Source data
[Start of section]
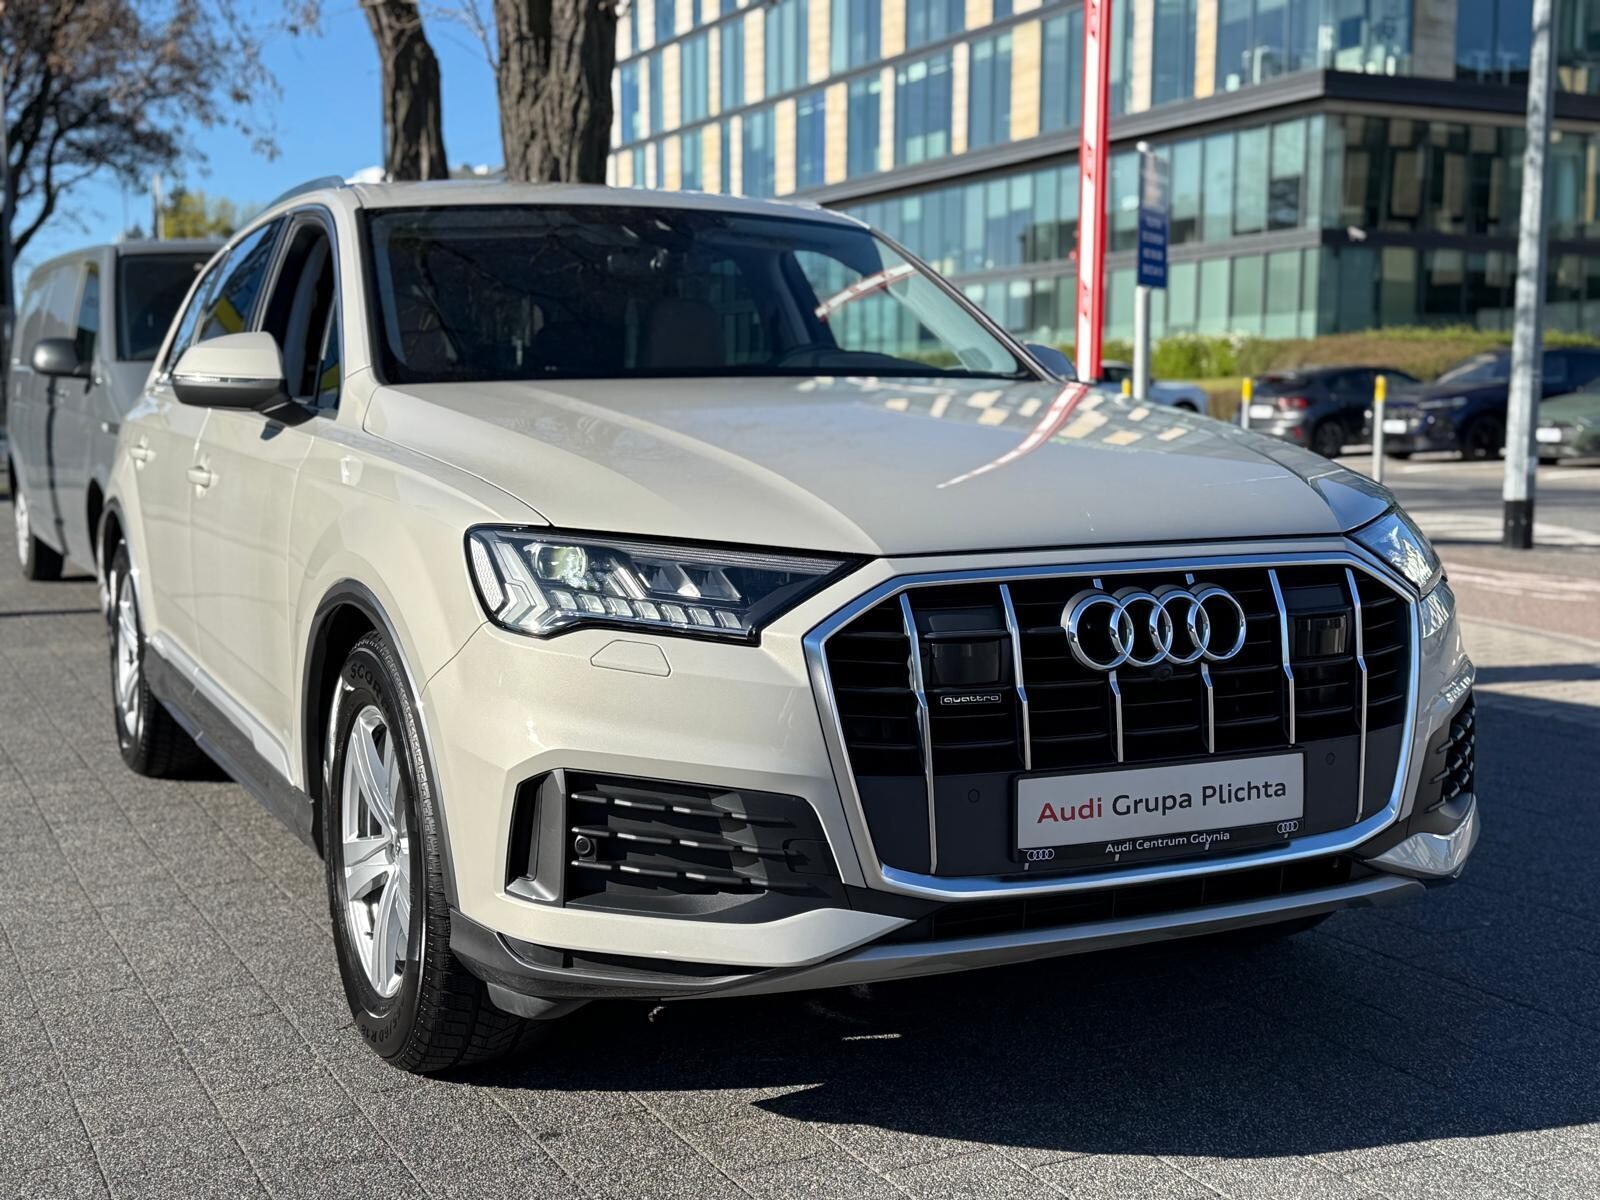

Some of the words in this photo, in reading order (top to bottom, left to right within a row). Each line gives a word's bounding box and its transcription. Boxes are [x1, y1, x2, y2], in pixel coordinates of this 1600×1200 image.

[943, 694, 1000, 705] quattro
[1037, 797, 1103, 824] Audi
[1112, 791, 1192, 816] Grupa
[1202, 780, 1287, 806] Plichta
[1105, 840, 1133, 853] Audi
[1136, 836, 1187, 850] Centrum
[1190, 831, 1230, 846] Gdynia
[End of section]
Full copy, no pictures: write out each line of the data exactly as it stands.

| EXERCISE RESPONSE |
Some of the words in this photo, in reading order (top to bottom, left to right within a row). Each line gives a word's bounding box and its transcription. Boxes are [x1, y1, x2, y2], in pixel coordinates of this 1600×1200 image.

[943, 694, 1000, 705] quattro
[1037, 797, 1103, 824] Audi
[1112, 791, 1192, 816] Grupa
[1202, 780, 1287, 806] Plichta
[1105, 840, 1133, 853] Audi
[1136, 836, 1187, 850] Centrum
[1190, 831, 1230, 846] Gdynia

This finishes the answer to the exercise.